Saved entries:
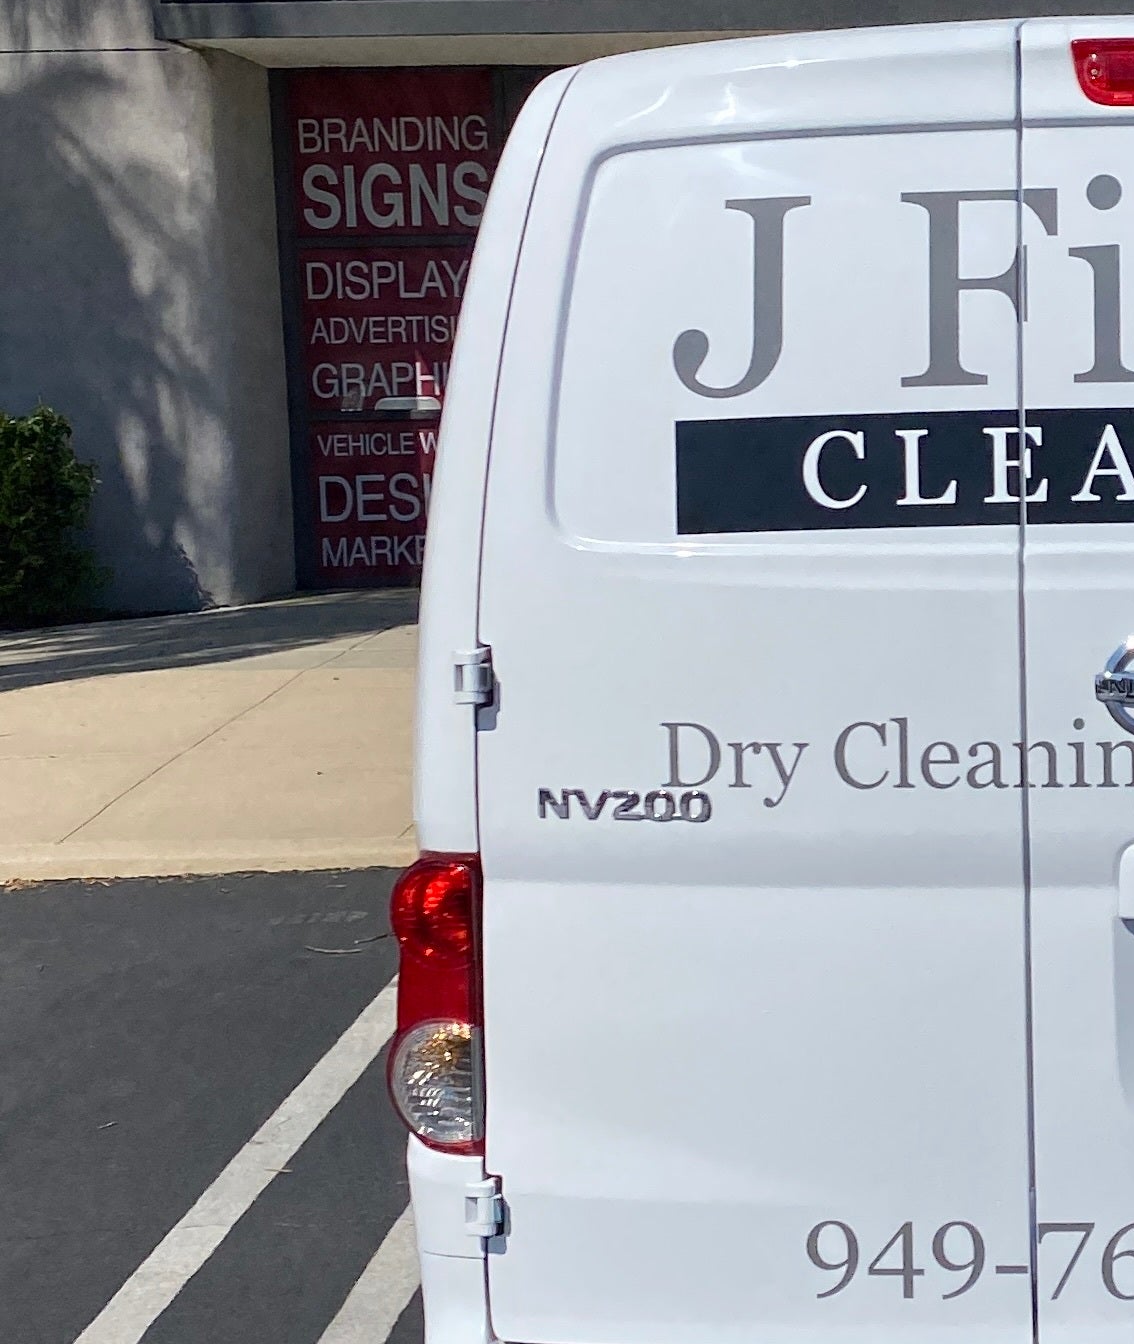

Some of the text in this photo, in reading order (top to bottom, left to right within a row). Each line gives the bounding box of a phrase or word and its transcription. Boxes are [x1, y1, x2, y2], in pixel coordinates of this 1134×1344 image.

[298, 115, 489, 154] BRANDING
[303, 160, 489, 229] SIGNS
[307, 259, 468, 299] DISPLAY
[672, 195, 811, 399] J
[317, 432, 415, 456] VEHICLE
[659, 722, 809, 808] Dry
[537, 788, 712, 823] NV200

**Work item**
Each record above must be set down again unchanged, with its pictures left out.

**Answer to the problem**
Some of the text in this photo, in reading order (top to bottom, left to right within a row). Each line gives the bounding box of a phrase or word and its transcription. Boxes are [x1, y1, x2, y2], in pixel coordinates of this 1134×1344 image.

[298, 115, 489, 154] BRANDING
[303, 160, 489, 229] SIGNS
[307, 259, 468, 299] DISPLAY
[672, 195, 811, 399] J
[317, 432, 415, 456] VEHICLE
[659, 722, 809, 808] Dry
[537, 788, 712, 823] NV200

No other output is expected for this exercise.